Au niveau national, il faudrait mener une étude sur les séquelles des infections nosocomiales. De ce point de vue, le Lien appelle à « un choc de simplification » des procédures de signalements auprès des structures de veille sanitaire. Nous espérons que le rapport de Jean-Yves Grall, directeur général de l’ARS Nord-Pas-de-Calais, sur la réorganisation des vigilances sanitaires qui pointent les nombreuses défaillances du système actuel, sera suivi d’effets sur le terrain. De plus, nous avons eu le week-end dernier une très bonne nouvelle : la publication du décret concernant la présence d’un référent antibiorésitance dans les équipes soignantes. Enfin !
Nos autres chevaux de bataille sont axés sur la prise en compte du sujet antibiorésistance dans sa globalité : commencer à réfléchir sur d’autres approches environnementales et thérapeutiques pouvant nous aider à lutter contre ces bactéries multirésistantes nous semble indispensable à ce jour. Il s’agit d’intégrer, pour la compréhension des problèmes, l’influence des prescriptions vétérinaires et les facteurs d’affaiblissement du système immunitaire des patients qui les rendent plus vulnérables. Il est également important de vérifier si l’établissement de soins est doté d’un environnement sain (air ambiant sans formaldéhyde, etc.) mais aussi qu’il ne soit pas en présence excessive de facteurs de risques émergents encore mal évalués de type nanoparticules (dans les revêtements autonettoyants) ou rayonnements électromagnétiques de type WIFI en fonctionnement continu qui peuvent influencer la capacité de résistance des bactéries et/ou affaiblir les patients etc. Il convient également de s’inspirer de bonnes pratiques actuellement en évaluation comme les revêtements en cuivre et les appliquer plus largement si les résultats sont probants. Tout comme il est important de distribuer une bonne alimentation aux patients. Il s’agit de premiers pas dans le domaine de la prévention primaire, si importante dans un contexte de pauvreté d’offre médicamenteuse efficace. Un vaste sujet ! Enfin, un espoir plus précis de nouvelle thérapeutique serait la phagothérapie (utilisation de virus bactériophages) qui semble donner de très bons résultats. L’avenir pourra nous le confirmer, je l’espère, pour le plus grand nombre.

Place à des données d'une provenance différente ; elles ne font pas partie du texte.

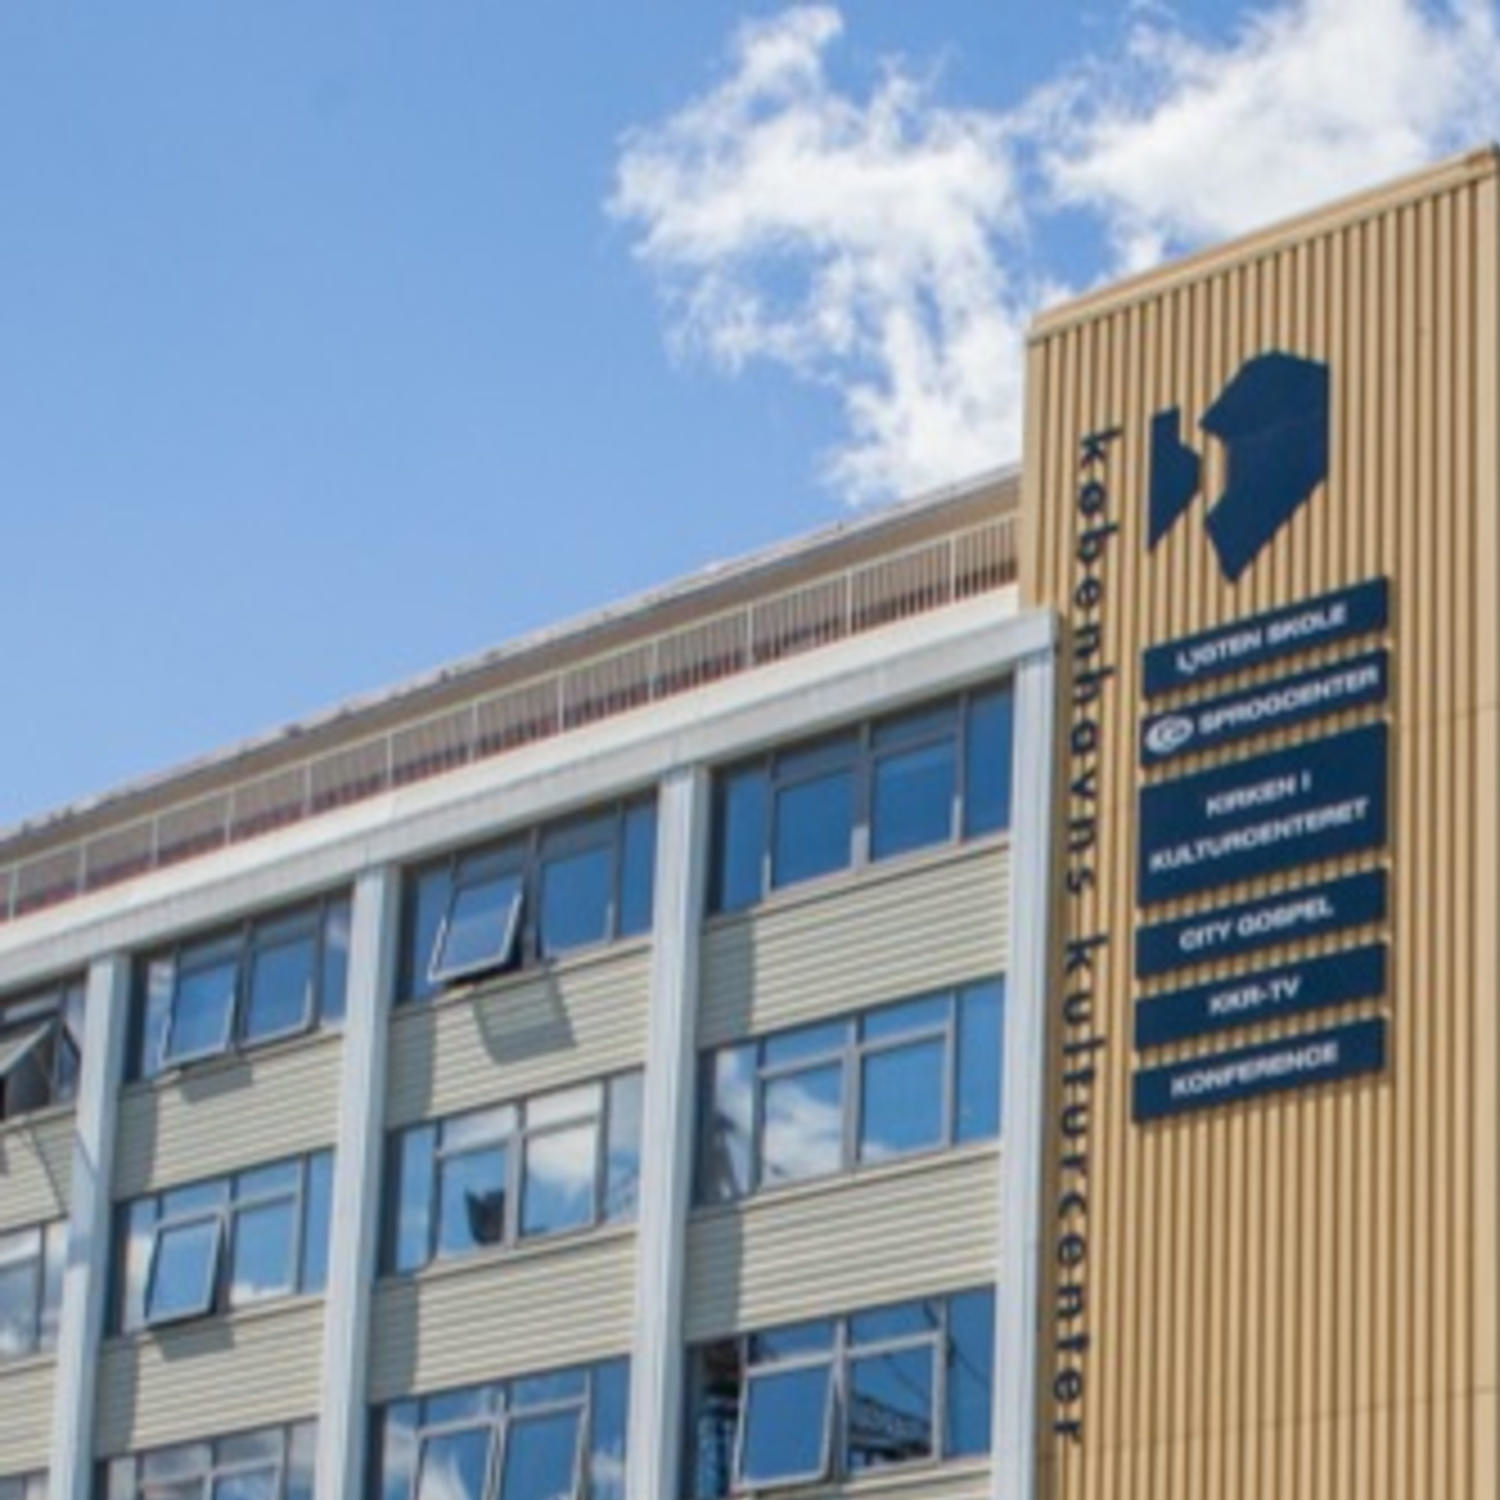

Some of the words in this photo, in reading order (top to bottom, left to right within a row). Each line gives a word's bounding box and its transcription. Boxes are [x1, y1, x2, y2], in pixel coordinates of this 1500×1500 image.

[1266, 601, 1347, 645] SKOLE
[1067, 427, 1122, 895] københavns
[1200, 664, 1379, 734] SPROGCENTER
[1206, 774, 1297, 818] KIRKEN
[1150, 796, 1369, 872] KULTURCENTERET
[1179, 919, 1233, 951] CITY
[1237, 896, 1335, 936] GOSPEL
[1170, 1041, 1340, 1098] KONFERENCE
[1053, 933, 1108, 1443] kulturcenter
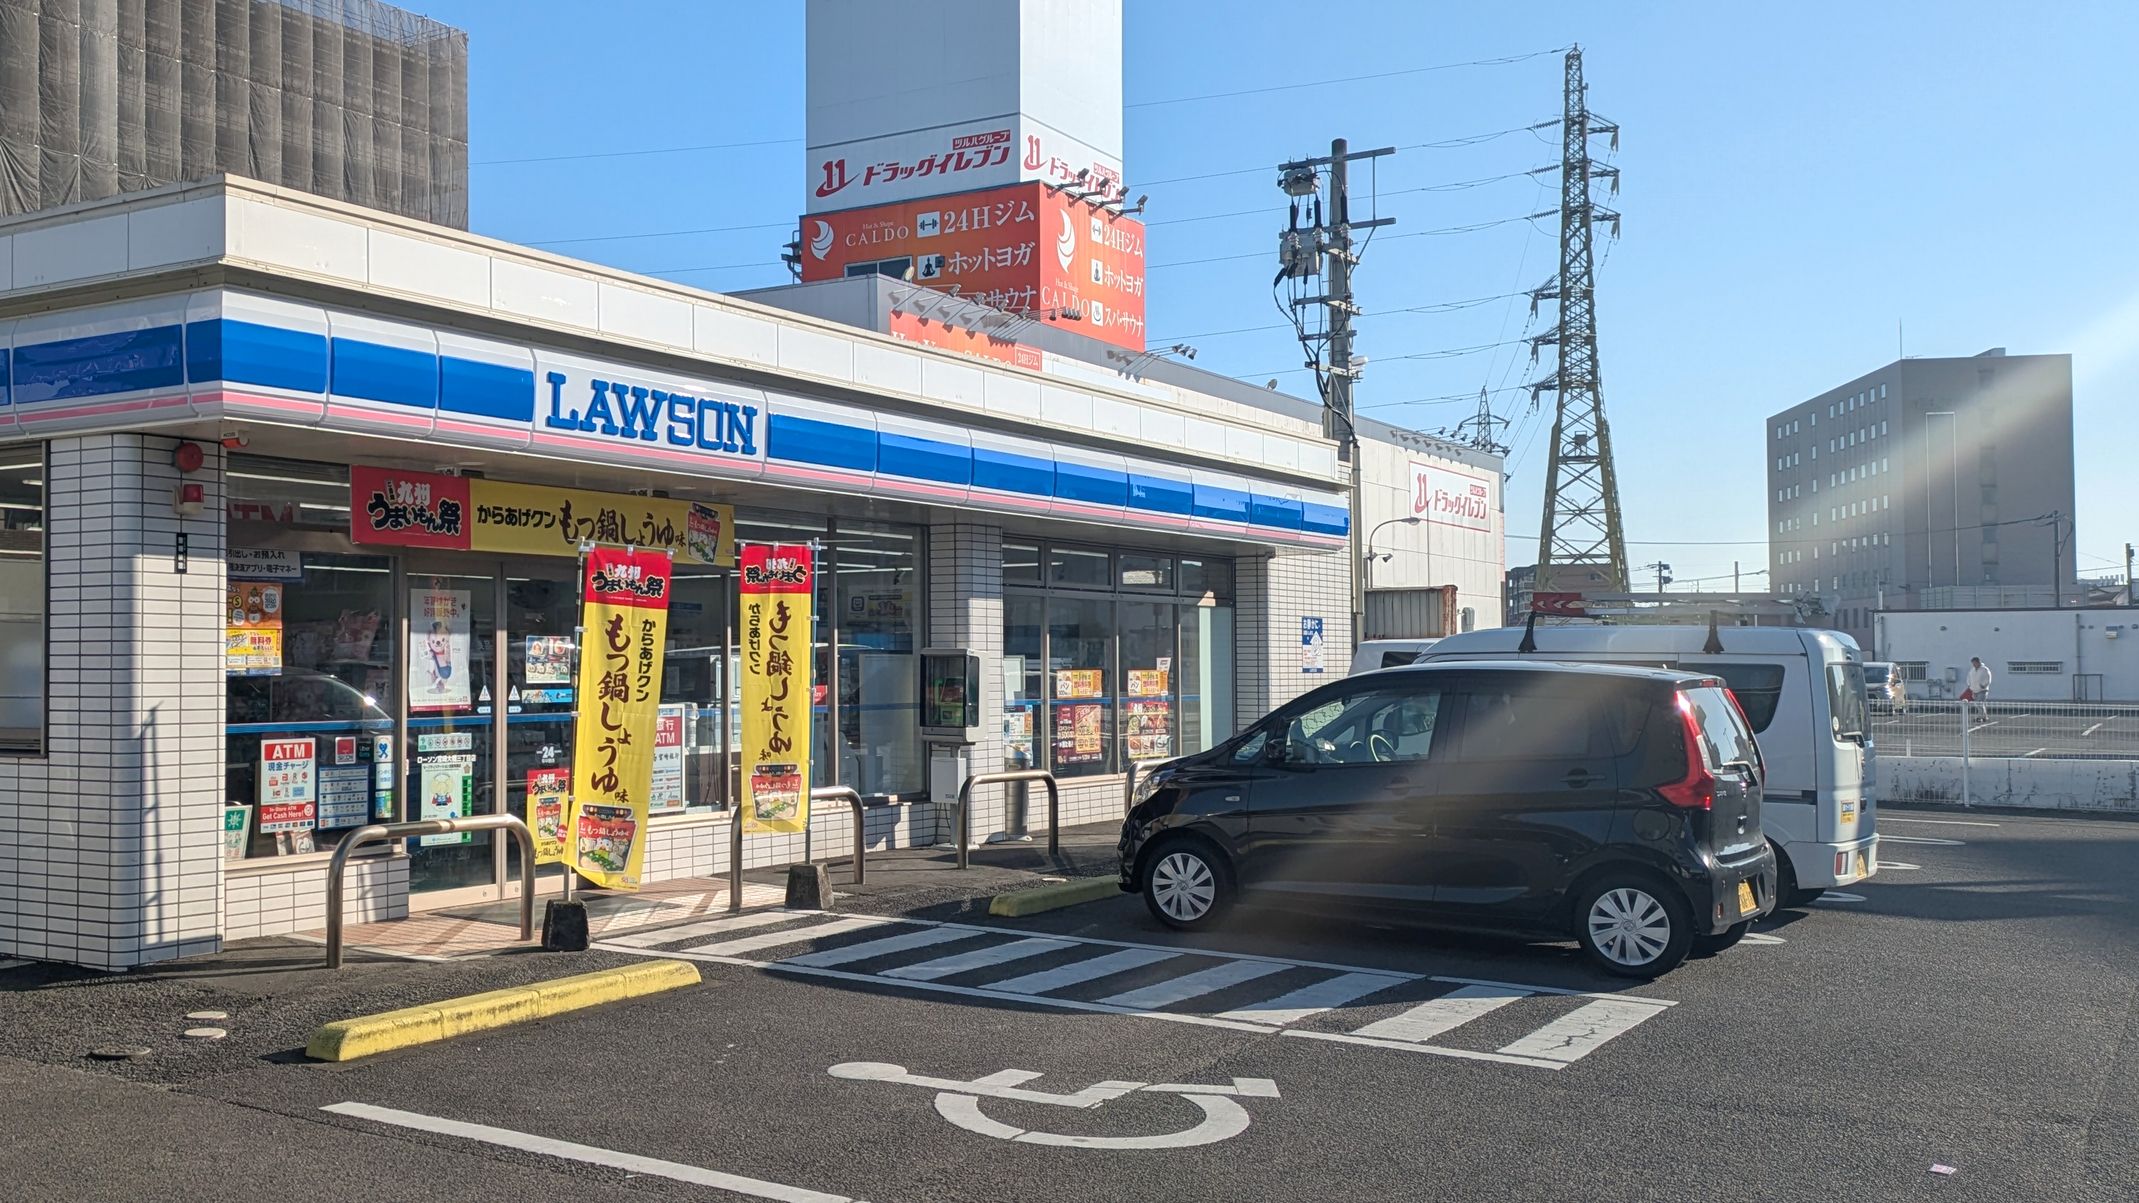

La FHP-MCO organise aujourd’hui son congrès annuel des usagers. Selon vous, l’amélioration des conditions de prise en charge des patients passe-t-elle par ce genre de rencontre ?
Ce type de rencontre participe certainement à une meilleure compréhension des positions des associations et usagers vis-à-vis des professionnels de santé et réciproquement. Mais je ne suis pas certaine qu’une journée de colloque influe sur la prise en charge. Ces rencontres font émerger des problématiques nouvelles qui peuvent faire évoluer les rapports entre les parties prenantes et c’est très important pour une meilleure compréhension réciproque à partir du moment où l’on intègre une participation active de chacun. L’écoute des remarques pertinentes des usagers et leur prise en compte peuvent permettre un grand pas en avant.